Cardiovascular Nursing Research Initiatives in Canada

Sylvie Robichaud-Ekstrand, PhD, RN


Prog Cardiovasc Nurs. 2002;17(3) 

In This Article

Montreal Heart Institute and the University of Montreal Faculty of Nursing

This investigative team has developed, evaluated, and implemented several cardiac secondary prevention programs, including: 1) patients education programs (1997-2000); 2) telephone nurses' services (1995-1999); 3) nurse case management for coronary artery bypass graft patients (1995-1999); 4) primary care providers follow-up programs for first-time coronary artery bypass graft patients (1996-2000); 5) self-help groups for internal cardiac defibrillator patients (1993-1994); 6) a music program for patients awaiting heart catheterization (1998-2000); and 7) cardiac teaching programs meeting specific learning and psychosocial needs of postmyocardial infarction men and women (1995-2000). These studies have provided evidence to decision makers, resulting in funds to create Nurse Specialist positions, and to implement these programs in current nursing practice. In predicting factors for early hospital discharge (1995-1999), and need for community nursing care (1996-2000), a more coordinated and integrated nursing approach has been created within and between the Montreal Heart Institute and nine Montreal ambulatory care agencies. In addition, several instruments have been either developed or translated into French, and validated (e.g., self-care agency, self-efficacy, learning needs, stages of change, attitudes, intentions, sense of mastery, coping strategies, social supportive behavior, health motivation assessments, and nurses' perception of nursing research).

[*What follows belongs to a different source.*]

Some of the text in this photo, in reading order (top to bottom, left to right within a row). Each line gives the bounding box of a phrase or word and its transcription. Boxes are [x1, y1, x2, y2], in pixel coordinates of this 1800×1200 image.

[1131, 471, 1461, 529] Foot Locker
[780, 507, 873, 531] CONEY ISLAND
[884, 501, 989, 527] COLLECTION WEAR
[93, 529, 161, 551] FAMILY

This previous work has lead to the development of a computer-tailored feedback system, which includes activities such as clinical decision-making, efficient information management, knowledge acquisition and dissemination, and informed patient participation. Computerized tailoring means adapting content material to the characteristics of an individual through a computerized process. The iterative computer-tailored feedback system that has been developed consists of reminders and tailored messages that are generated by computerized algorithms. Reminders identify health professionals responsible in managing specific cardiovascular risk factors, and provide feedback on which cardiovascular risk factors require tighter control according to established clinical guidelines. Messages provide evidenced-based information, computerized counseling, and recommendations according to readiness to change and level of self-efficacy. The intent of the computer-tailored feedback system is to better manage continuity by enhancing the transfer of health information. It is hypothesized that the impact of the iterative computer-tailored feedback system will be greater when using reminders, compared to usual care, and even greater if tailored messages are also included as a counseling method to assist patients in modifying their health behaviors.

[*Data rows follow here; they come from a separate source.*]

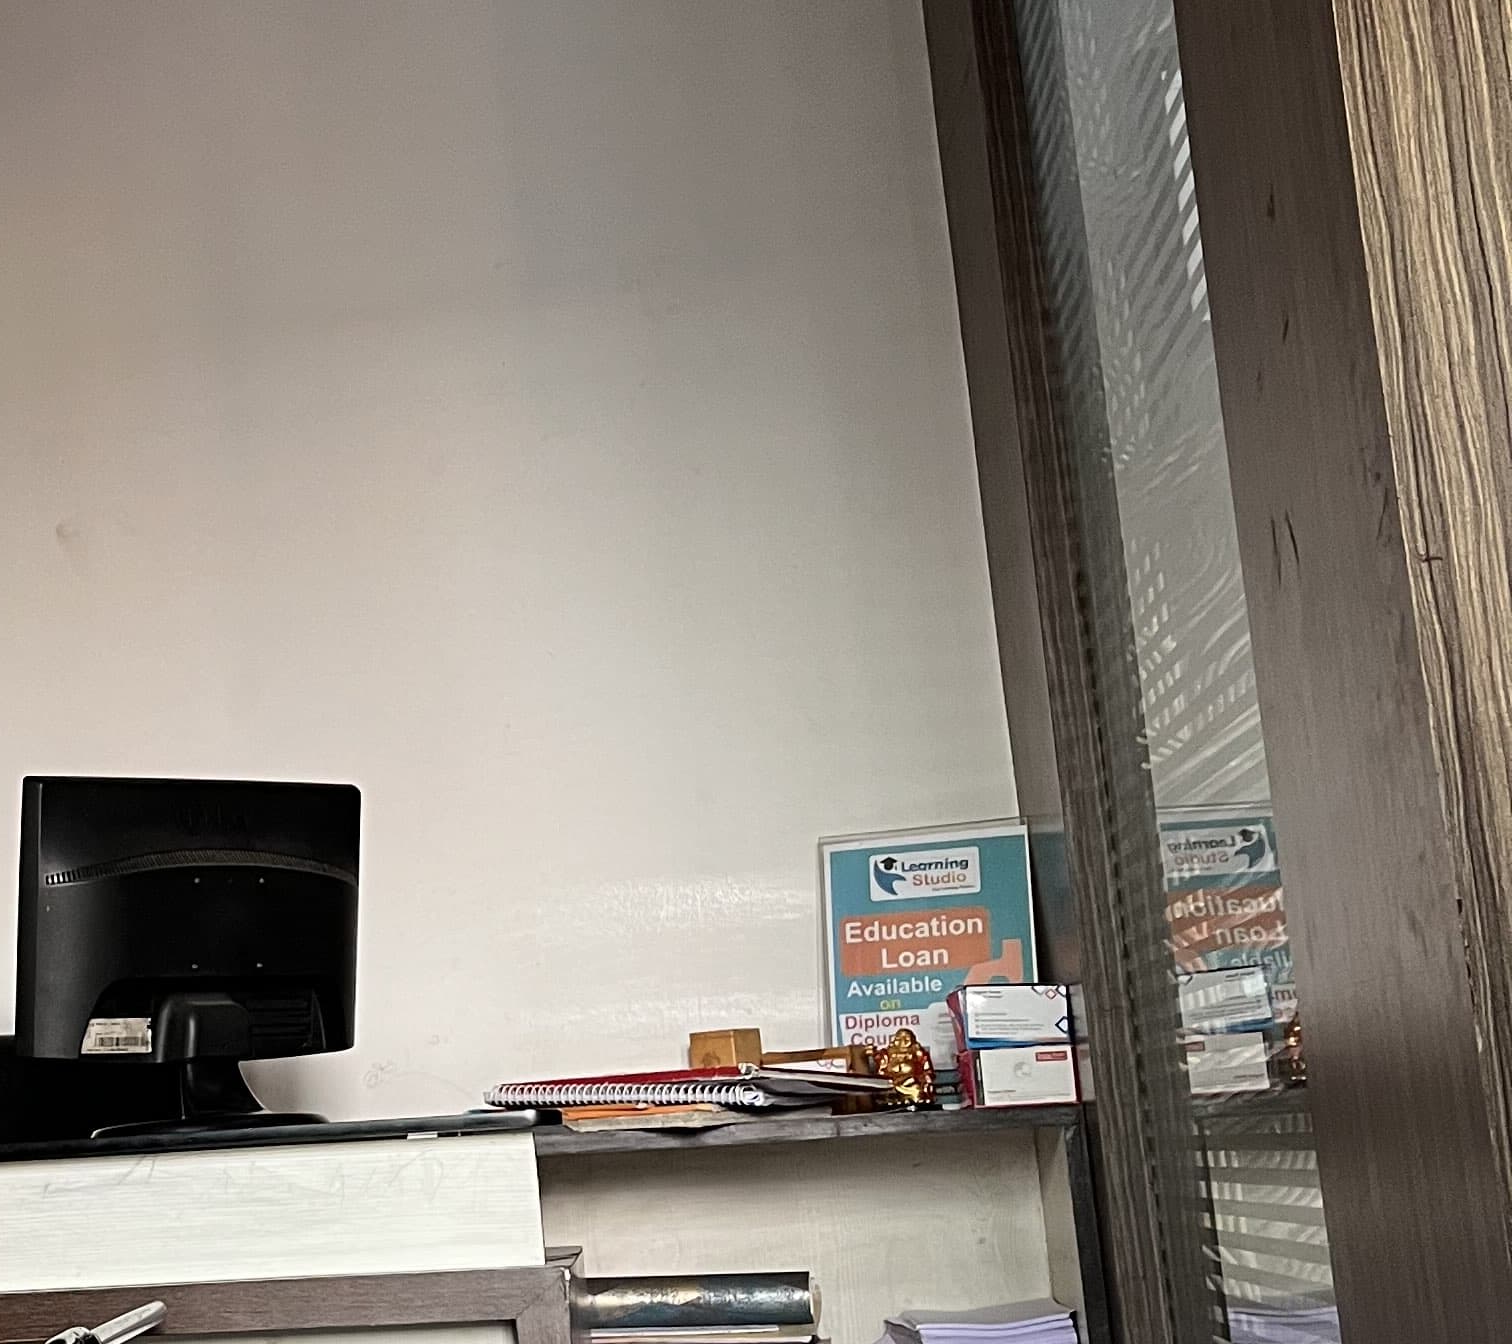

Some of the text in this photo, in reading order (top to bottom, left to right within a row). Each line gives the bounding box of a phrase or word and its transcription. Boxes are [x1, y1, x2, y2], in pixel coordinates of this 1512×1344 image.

[901, 858, 969, 873] Learning
[912, 870, 968, 887] Studio
[844, 914, 984, 945] Education
[881, 947, 950, 970] Loan
[847, 975, 943, 998] Available
[879, 998, 902, 1011] on
[844, 1013, 921, 1032] Diploma

In the Province of Quebec, this research project is being developed within a platform that creates a comprehensive and long-term approach to integrated clinical informatics. It consists of a consortium of four university hospital centers, affiliated to the four Quebec faculties of medicine and nursing with their research institutes on one hand, and three regional councils for health and social services with their respective technocentres on the other hand. These incentives are supported by the Ministry of Health's strategic plan for developing and implementing health informatics in the Province of Quebec, as they will dramatically enhance the capacity to conduct innovative clinical and population health interventions and research, and promptly introduce evidenced-based data into practice. Concurrently, the National Heart Foundation of Australia is taking the lead to adapt and implement this project in the New South Wales area. It is an ideal fit with the Commonwealth and State Health Department initiatives in cardiovascular disease. In the coming year, further international collaborations will be sought with the British Heart Foundation Research Unit at the University of York, and Department of Health Coronary Heart Disease Information Strategy in the United Kingdom. Other current collaborative projects include: 1) developing and testing an ethnocultural- and gender-based model examining cognitive processes when faced with managing cardiovascular disease risk; and 2) evaluating the effects of a self-regulated, daily, home program of exercise ergometry in the poststroke period on the occurrence of subsequent stroke and myocardial infarction, physical functioning, and quality of life.